В свою очередь эндоглин (CD105) является мембранным белком и стабильно экспрессируется в МСК из жировой ткани, в том числе в культуре МСК из ЖТГ, используемой в данном исследовании (рисунок 16, раздел 3.3.1), и поэтому был использован как маркер стромальных клеток. На 1-е сутки органотипического культивирования фрагментов ПЖТ выраженность флуоресценции антител к данному маркеру была статистически значимо выше в образце из опытной лунки (с добавлением МСК), по сравнению с контролем (рисунок 25). С 4-х суток достоверных различий по выраженности флуоресценции антител к CD105 между анализируемыми лунками выявлено не было. К 7-м суткам органотипического культивирования наблюдалась тенденция к росту данного показателя в контрольной лунке.

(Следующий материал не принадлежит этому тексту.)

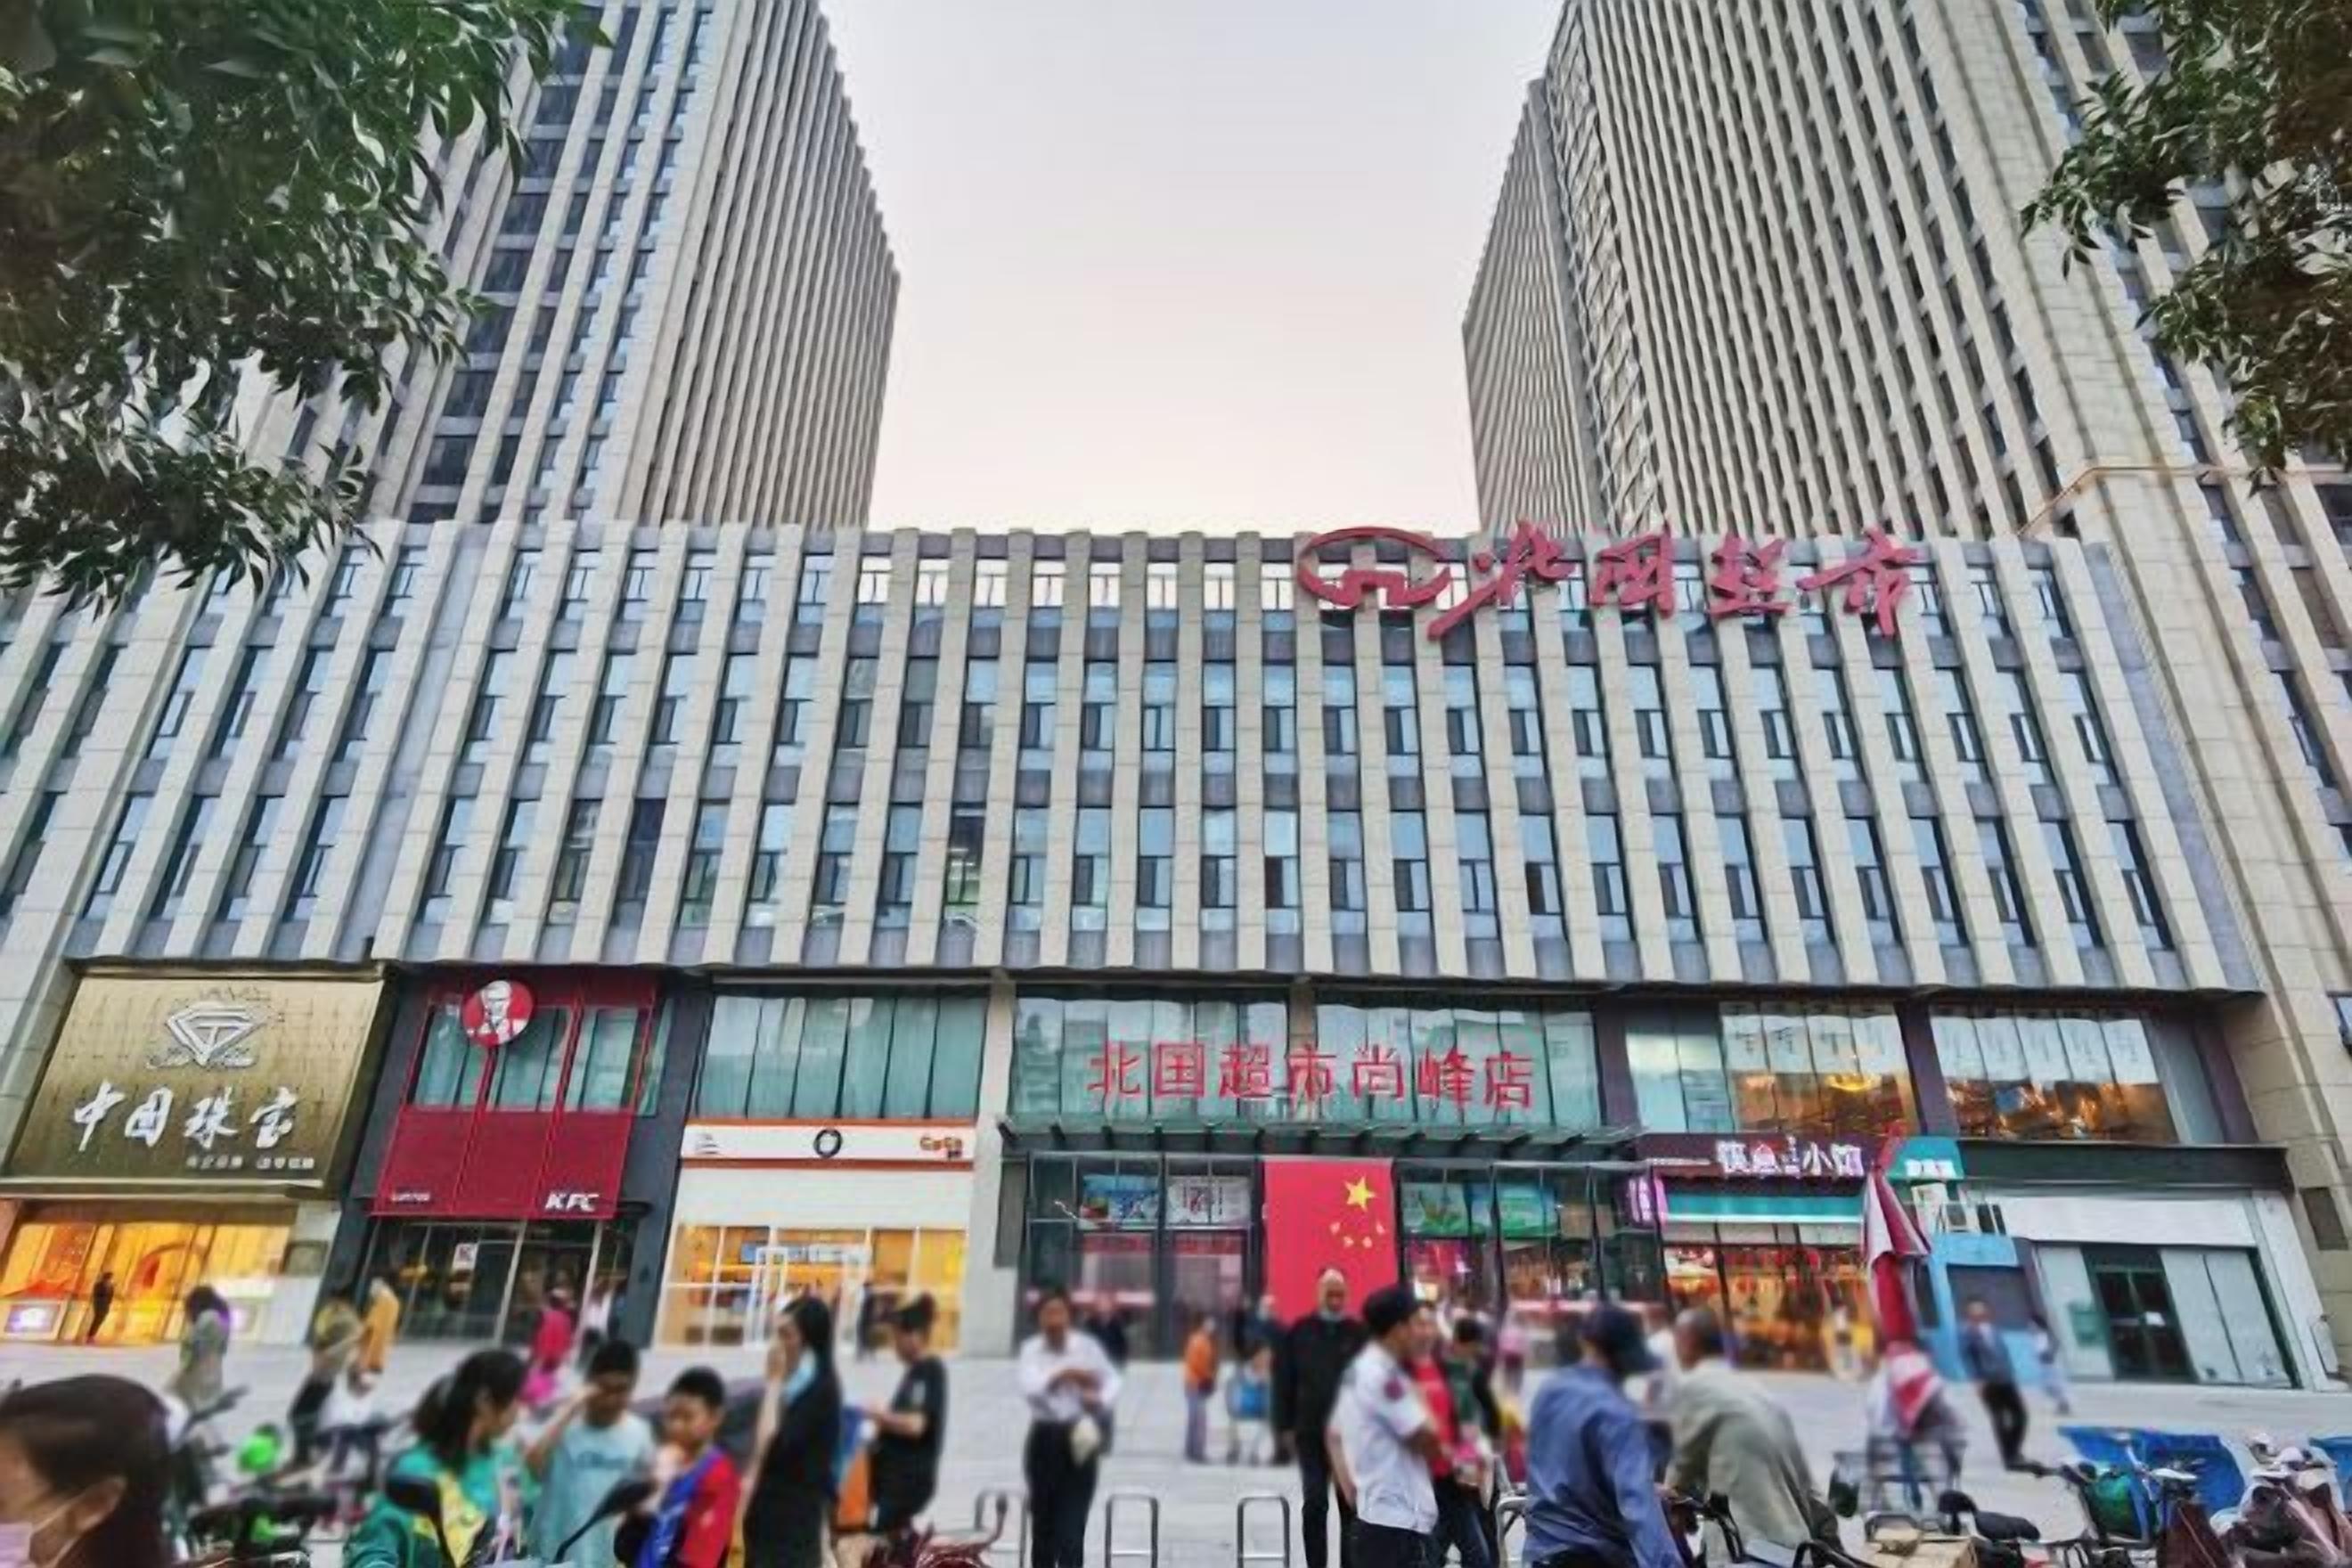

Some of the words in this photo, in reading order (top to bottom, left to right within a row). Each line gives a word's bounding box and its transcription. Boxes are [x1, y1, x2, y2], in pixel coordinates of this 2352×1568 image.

Таким образом, на последнем этапе исследования показано, что механические воздействия, связанные с предтрансплантационной подготовкой и инъекционным введением, не оказывали негативного влияния на прекультивированные МСК из ЖТГ. Результаты эксперимента по сокультивированию МСК ЖТГ и фрагментов ПЖТ в условиях органотипической культуры позволили сделать заключение о том, что МСК ЖТГ сохраняли свою жизнеспособность и не оказывали негативного влияния на клетки фрагментов ПЖТ. Более того, в лунке с добавлением МСК ЖТГ клетки характеризовались более высокой пролиферативной активностью. В свою очередь это является потенциальным источником обновления клеток жирового трансплантата и поддержания его стабильного объема в отдаленном послеоперационном периоде.